Drug overdose deaths involving psychostimulants, including methamphetamine, have increased from 547 in 1999 to 23,837 in 2020, which has been exacerbated by the COVID-19 pandemic, according to the National Institute on Drug Abuse.

The rate of drug overdose deaths associated with psychostimulants in general is higher in rural areas than in urban areas, according to the Centers for Disease Control and Prevention. Additionally, overdose deaths related to cocaine and psychostimulants disproportionately affect racial and ethnic minority populations, the CDC said, including black and Native American/Alaska Native populations.

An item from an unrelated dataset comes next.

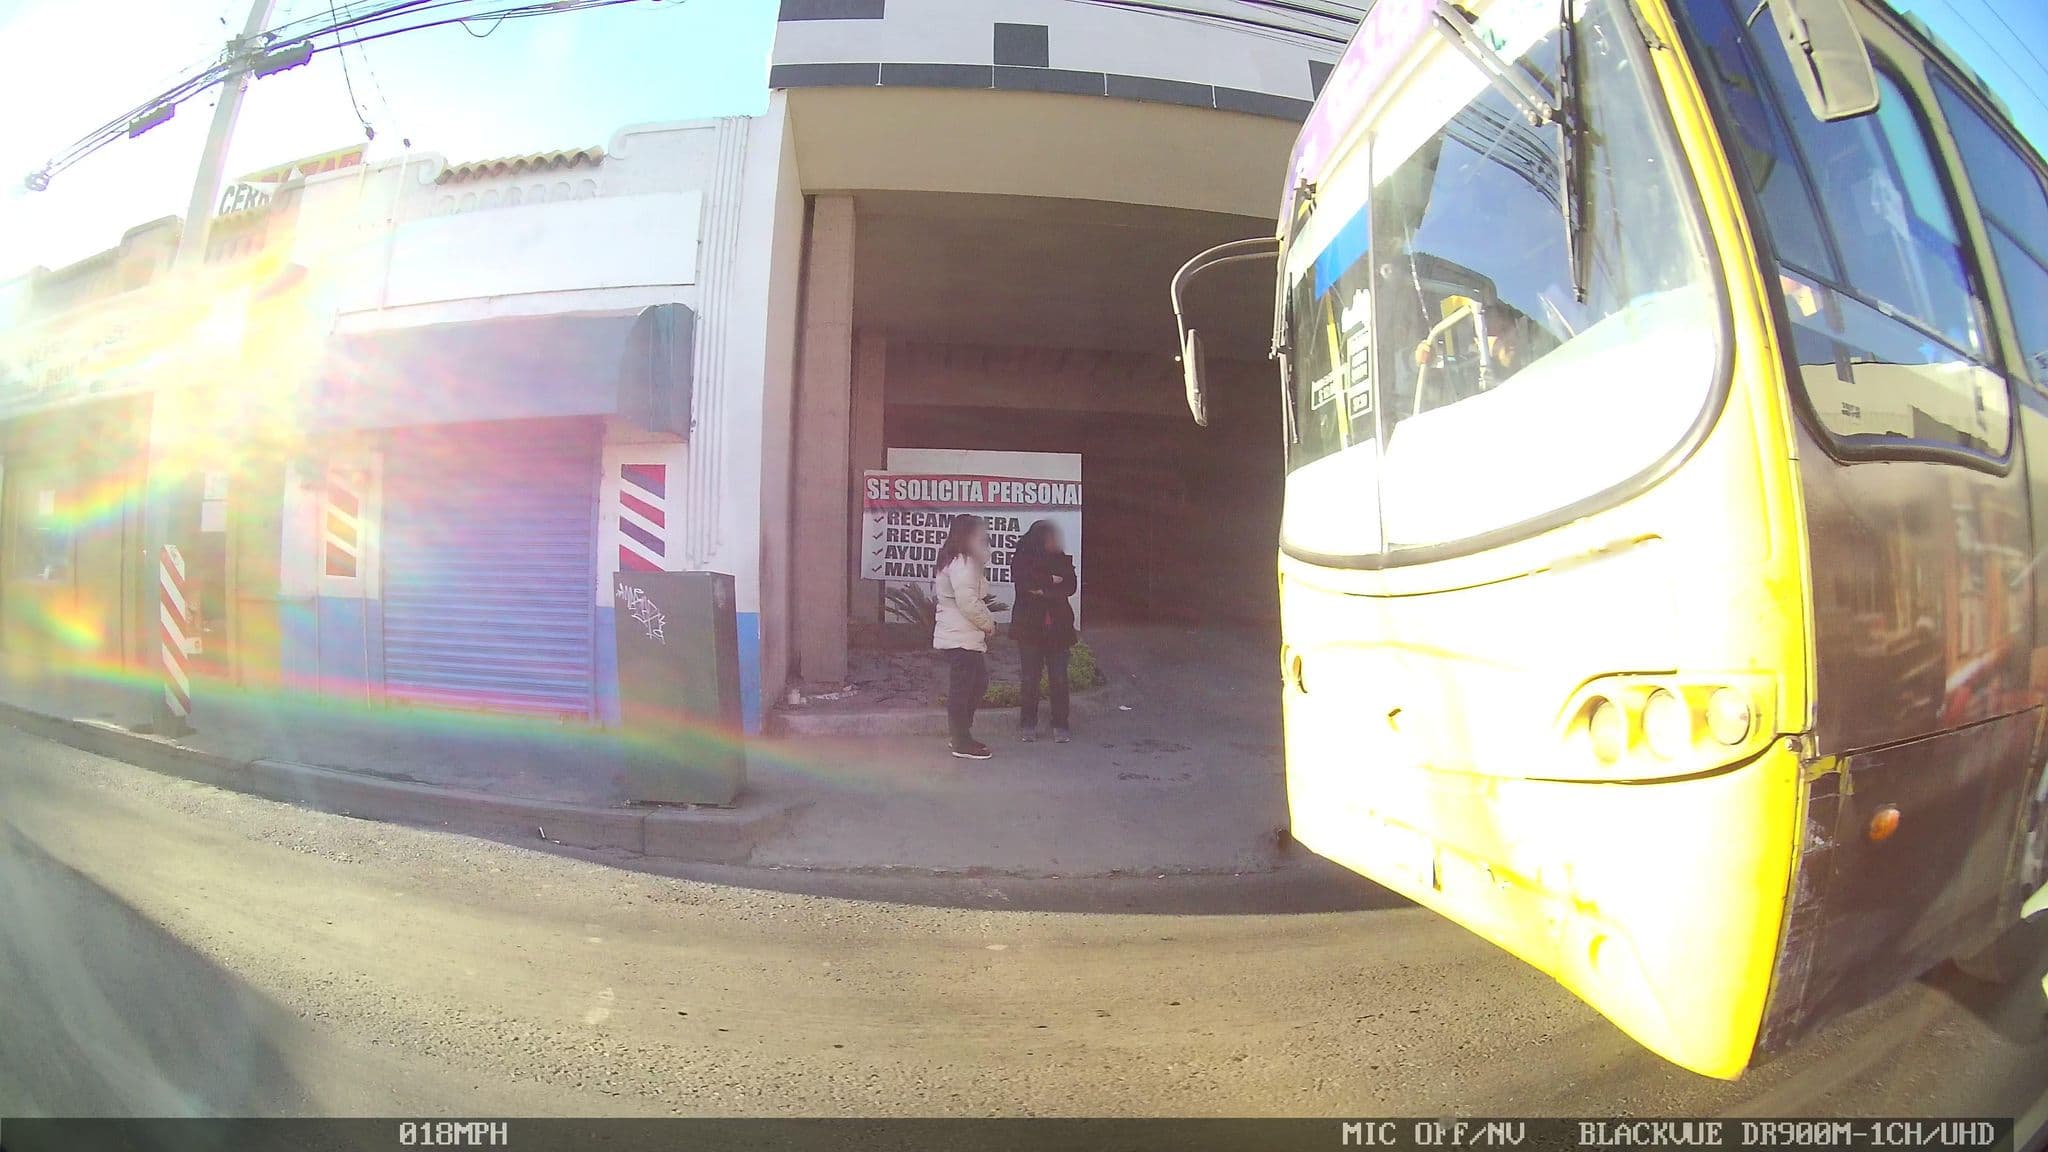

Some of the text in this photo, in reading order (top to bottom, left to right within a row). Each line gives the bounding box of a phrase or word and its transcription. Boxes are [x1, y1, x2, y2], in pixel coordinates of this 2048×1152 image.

With the $15 million investment, HHS has provided a total of more than $400 million to the Rural Communities Opioid Response Program (RCORP) initiative, the HRSA said. This is a multi-year initiative to reduce morbidity and mortality related to substance use, including opioid use, in high-risk rural communities.

Through the Substance Abuse and Mental Health Services Administration (SAMHSA), HHS also recently announced $55 million in funding for its Tribal Opioid Response grant program that addresses the overdose crisis in communities. tribal.

Both programs address opioid and stimulant abuse, as evidenced by the President’s proposed FY2023 budget for HHS on $21.1 billion drug-related programs and initiatives. of dollars. Funding helps support the National Drug Control Strategy.

Additionally, last month the White House released the administration’s plan to address methamphetamine and its impact on public health and safety.


“The nation’s overdose epidemic has claimed too many lives too soon, especially in our rural communities,” HHS Secretary Xavier Becerra said.
“The Department is committed to expanding access to addiction prevention, treatment and recovery services as part of our national overdose prevention strategy. Today’s funding builds on our continued efforts to do all we can to meet the needs of those struggling with addiction – only care, but hope, to all individuals and their relatives.”

“As we work to stop the devastation caused by fentanyl, we cannot and will not lose sight of the role psychostimulants play in the country’s substance use crisis,” said Carole Johnson, Administrator of the HRSA. “Our investment will help rural communities across the country expand access to addiction treatment for psychostimulant abuse and open pathways to recovery.”